Sometimes the easiest thing to do in response to a loved one dying, or witnessing a senseless act, is to get angry. Let’s admit it. Anger feels good. Anger feels great. If it was something they could have prevented, they might get angry at themselves. If it seemed like it happened for no reason at all, people will often blame God, the one with ALL the power, ALL the knowledge, and the one who “did nothing.”
One man who has been there and back, witnessing death, and consoling those with questions, is Bob Ossler. Bob is a retired firefighter, chaplain, and has done 5 tours overseas, taking part in over 300 ceremonies for fallen soldiers. Bob was also on ground zero, days after the attacks on September 11th, 2001, helping people grieve. If that wasn’t enough, Bob also flew to Louisiana after Hurricane Katrina struck. Bob’s book, Triumph over Terror, explains just how we face such unspeakable grief and find God. Some people ask Bob, “Where is God in all of this?” He responds simply by saying, “Let’s talk to him now. Let’s Pray.” If there’s one man who can help you through the difficult questions on this topic, Bob can.

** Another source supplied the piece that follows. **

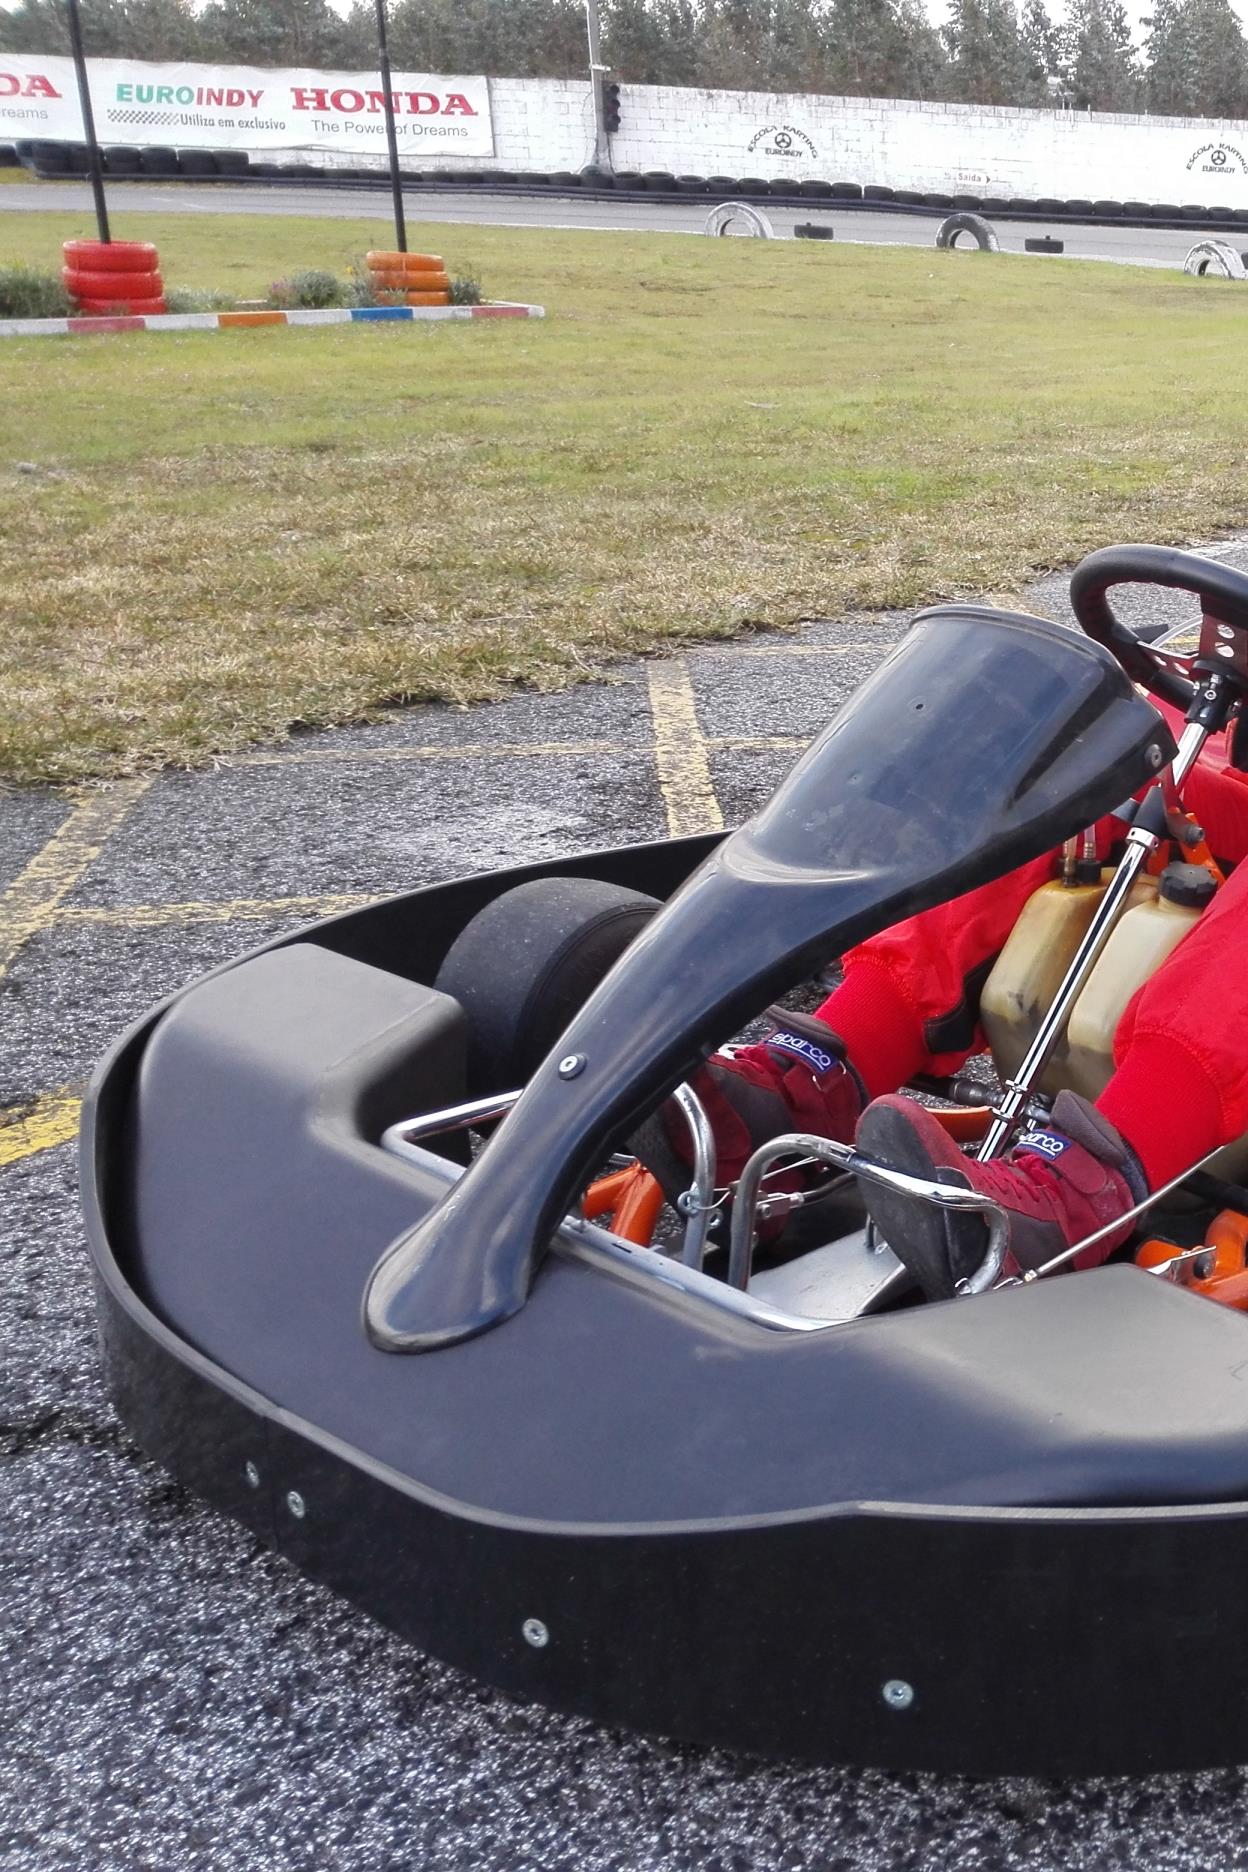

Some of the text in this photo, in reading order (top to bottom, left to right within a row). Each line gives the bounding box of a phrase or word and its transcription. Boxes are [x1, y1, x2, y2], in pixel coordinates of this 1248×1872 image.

A while back in 2010, I had the absolute pleasure of hearing a testimony from Jill McCloghry of Hillsong, one of the singers on the recording of Brooke Fraiser’s “Desert Song.” The testimony forever changed how I viewed losing a loved one. Before the recording of Desert Song, she went into labor with her son Max…she was only 6 months pregnant. In the end, Max died. In Jill’s testimony, she talks about the brutal and raw emotions of NOT wanting to praise God or worship in that moment of grief. What God ultimately shows her is that He is STILL on the throne, through all the tragedy of the world.
I know that there are some members of my church, TheEdge, who can very much relate to Jill’s testimony. MANY of my friends experienced this tragedy on such an intense level. Being a part of that community during that time was challenging, but also oddly emotional for me. To see so many of my friends at such a low point and yet continue to acknowledge God on the throne, to still lift Him up…was powerful. In some cases, I’m not so sure I would have done the same. I was never so proud of my community than when we surrounded them in that moment.
It’s heartbreaking to know about ALL the tragedy that goes on in the world. The weight of it all can take a massive toll on you and your heart. I believe in being informed, so we are not sitting idly by when something happens. Yet, we really need to learn a philosophy of grief and lament. We need to understand when to give God the burden. He takes the weight of ALL the tragedy. He sees what is going on.
More than ever, we need to know how to answer, not “Where is God in senseless death?” but rather, “Where is God when tragedy hits your life?” Are we walking with Him in the good and the bad? Do we see Him on the throne in ALL things? Grief is okay. Anger is okay. Anger at God is okay. But do we stay in that place of anger…or do we live out the words of David, a man who saw much tragedy in his life: “I will bless the Lord at all times his praise shall continually be in my mouth. My soul makes its boast in the Lord; let the humble hear and be glad. Oh, magnify the Lord with me, and let us exalt his name together!”
Some will tell me that I am being overly positive and naive. If anything we shouldn’t trivialize someone’s grief. Don’t give them a half-baked answer telling them to talk to an invisible man in the clouds who wasn’t there for them to begin with. A guy who couldn’t stop children from being executed with their mothers in the streets of Aleppo. Don’t tell me that the thousands who drown in floods, or burn in wildfires couldn’t have been stopped by the one who “created it all?” A man who famously stopped a storm from the bow of a boat. Don’t tell me to pray to a God who “loves us,” and yet doesn’t give a shit, clearly. Just don’t. Thoughts like these are what make us Human. This is the point. This is lament, and this is important.
Short answer to my question: He’s here. Go to Him. With everything.